En effet, la douleur aiguë nous submerge momentanément, mais nous avons des moyens de l’atténuer, voire de la supprimer. Si elle atteint des niveaux paroxystiques, elle peut dépasser nos moyens de résistance au point que, dans les cas extrêmes, certains patients se suicident pour lui échapper.
La douleur chronique introduit un autre champ d’action, celui de la psychopathologie, car sa durée et sa puissance finissent par venir à bout de notre résistance. En outre, l’expérience de la douleur crée un état de pressenti par lequel ce que l’on appelle le seuil de déclenchement du ressenti douloureux est abaissé, car la peur de la douleur en favorise l’apparition.
L’expérience douloureuse, quand elle dure ou qu’elle se répète sans pouvoir être contrecarrée, crée un véritable asservissement qui obscurcit les capacités intellectuelles tant elle devient prégnante, que la douleur soit effectivement présente ou qu’elle soit simplement crainte et attendue. Nous en avons certainement tous fait l’expérience.
Mais Paul nous dévoile une fonction nouvelle de la souffrance que peu d’entre nous auraient pu imaginer.
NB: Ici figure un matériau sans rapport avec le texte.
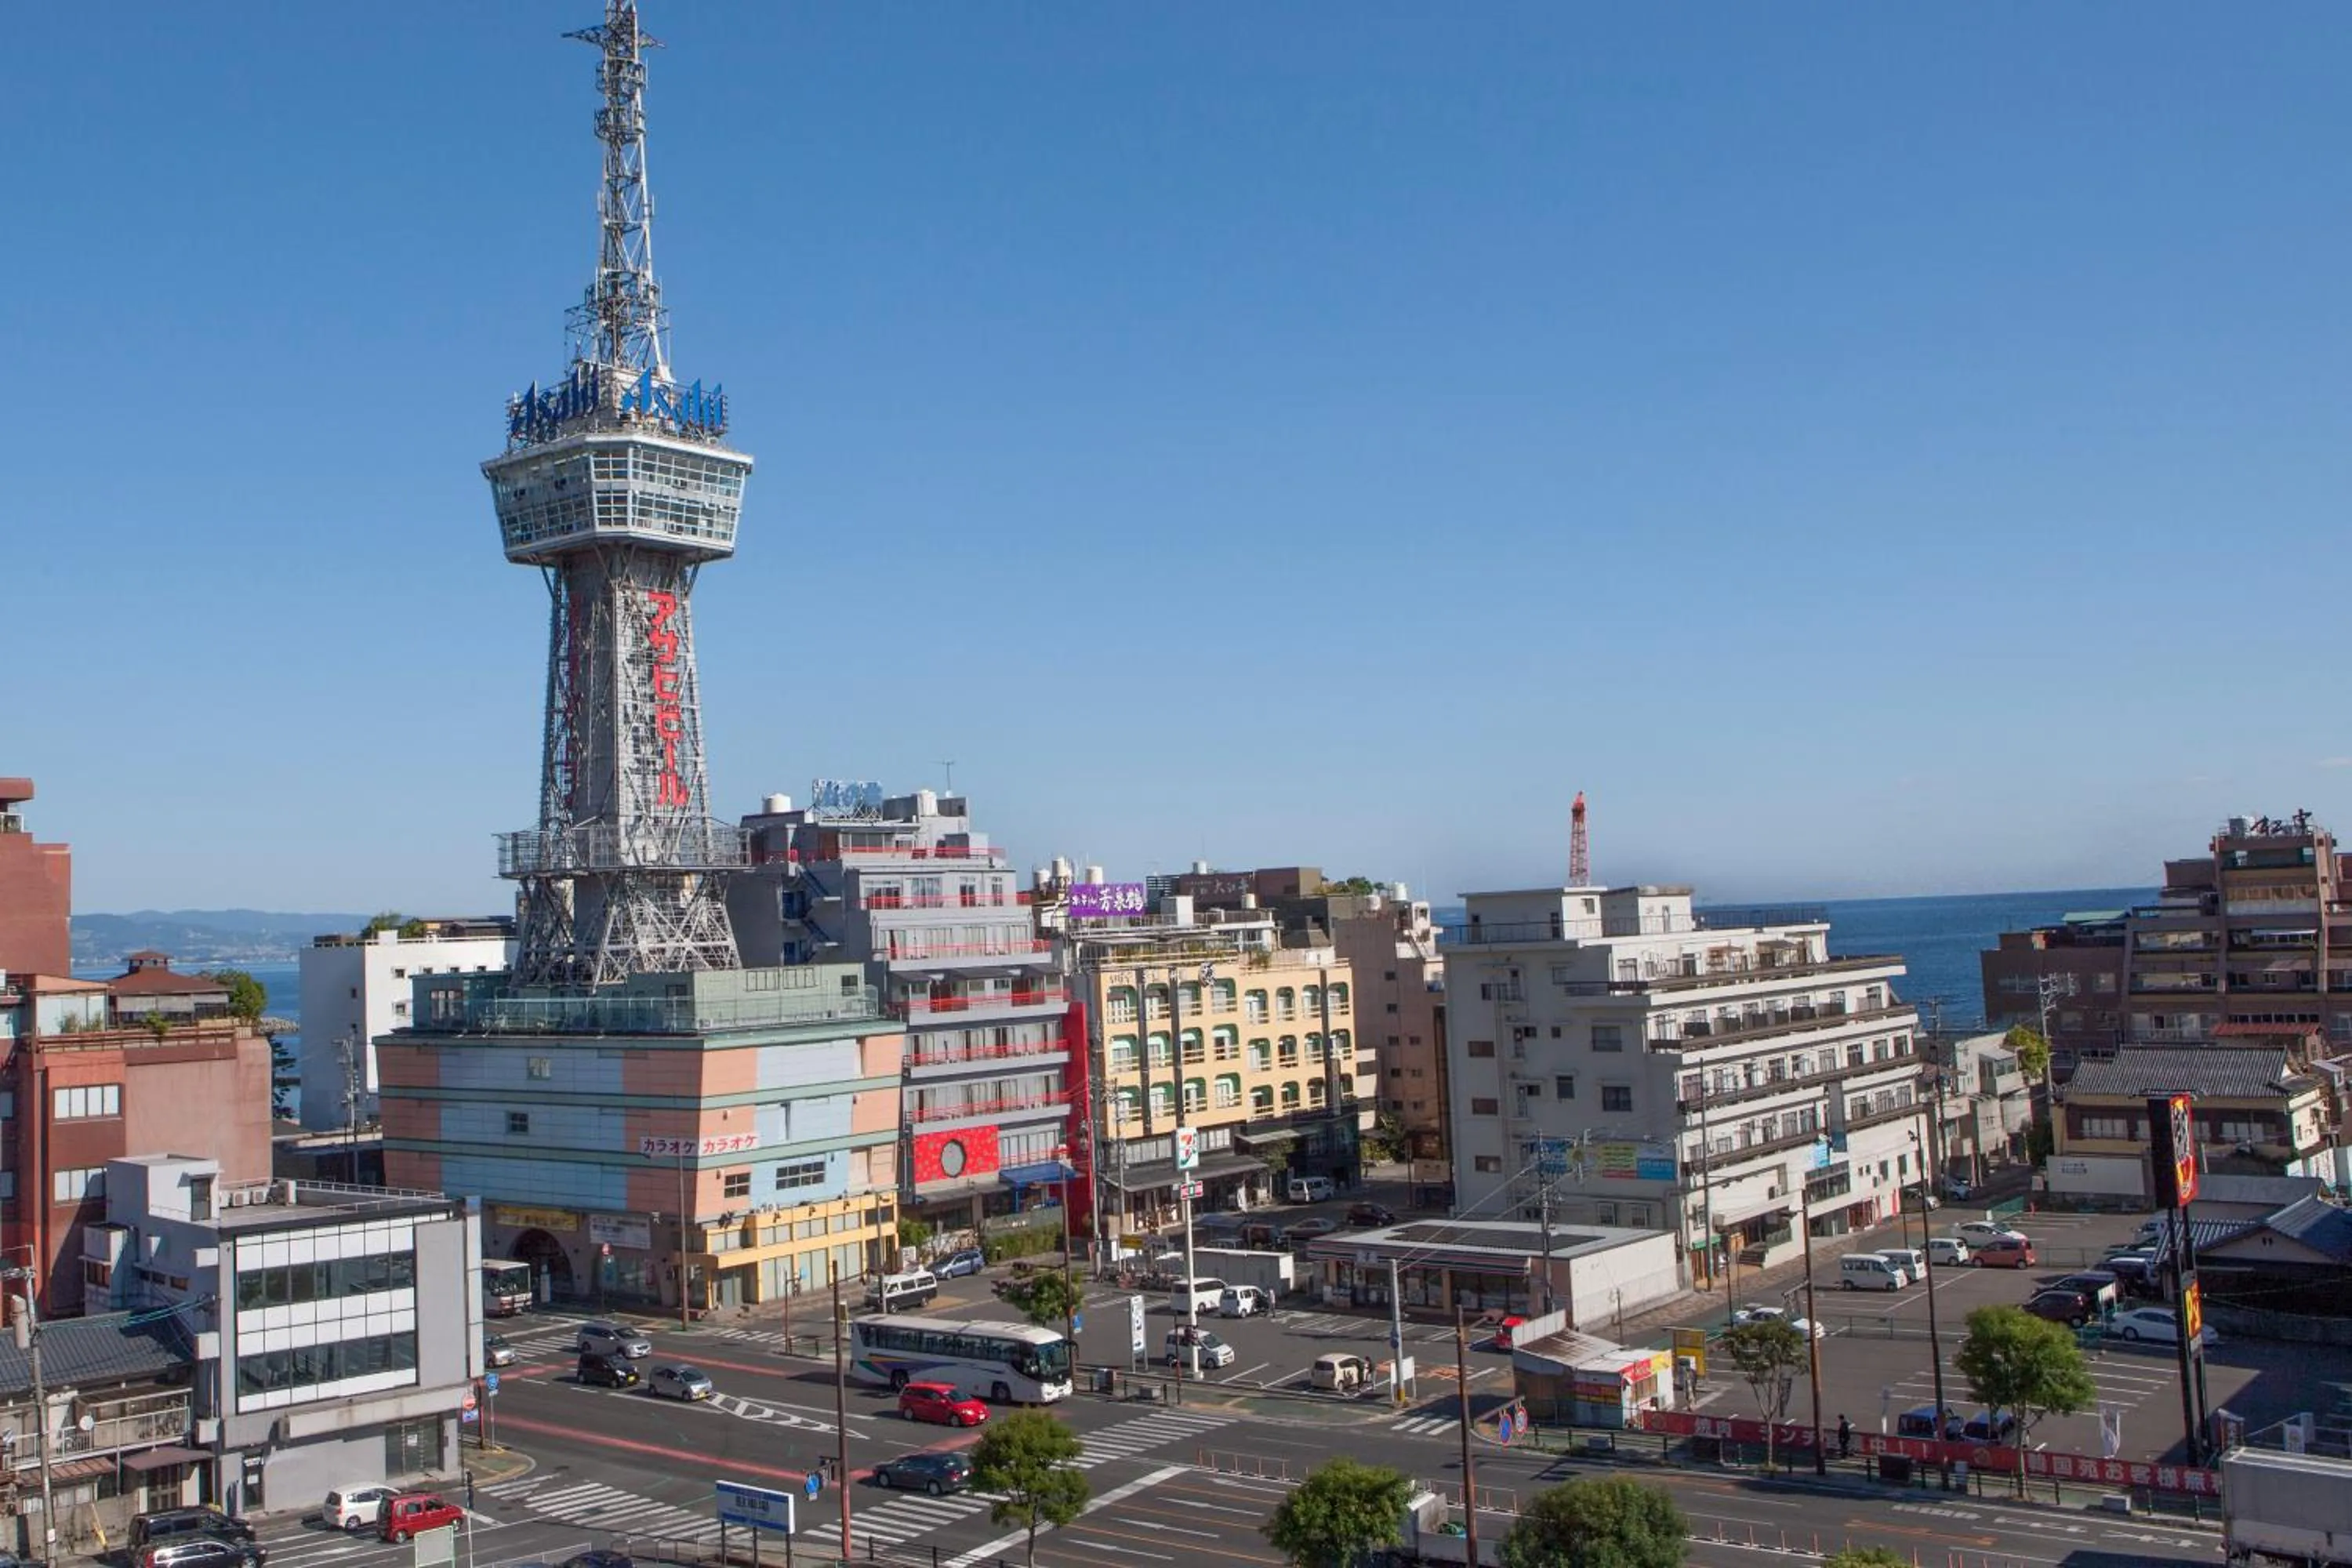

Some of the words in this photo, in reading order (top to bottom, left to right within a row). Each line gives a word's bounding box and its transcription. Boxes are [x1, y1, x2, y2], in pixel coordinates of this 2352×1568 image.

[648, 590, 690, 806] アサヒビール
[644, 1138, 696, 1154] カラオケ
[703, 1135, 757, 1154] カラオケ
Alors que notre nature mondaine tend à nous pousser vers la vanité et l’égotisme, la douleur vient stopper cet élan en nous rappelant notre misérable condition humaine d’être pantelant soumis à une incarnation imparfaite et corruptible. Mais cette approche n’est pas celle de tout le monde ; seuls ceux qui savent intellectualiser leurs ressentis peuvent l’envisager sous cet angle. Et c’est là que Paul remplit pleinement son rôle d’apôtre et de guide. En nous ouvrant la porte qui dépasse la douleur comme un ressenti pathologique pour en faire un outil d’inversion de notre nature mondaine au profit de notre aspiration spirituelle, il nous montre que notre appartenance à l’empirée divin supplante en tout point les vicissitudes de notre incarnation maligne.
La souffrance permet l’avancement vers le salut
Comme nous le savons, celui qui souffre à tendance à se recroqueviller sur sa douleur et à s’isoler des autres. Celui qui n’a pas encore atteint le stade de l’éveil se trouve alors dans une impasse. En effet, l’animal humain est un être grégaire ; sans les autres, il n’est rien et s’il s’isole il dépérit. Le spirituel au contraire sait profiter de l’isolement pour approfondir son cheminement. Certes, il est plus facile de le faire quand l’isolement est choisi et non subi, mais plutôt que laisser la souffrance nous enfermer dans une bulle négative, en faire une occasion d’introspection permet de lui donner un sens.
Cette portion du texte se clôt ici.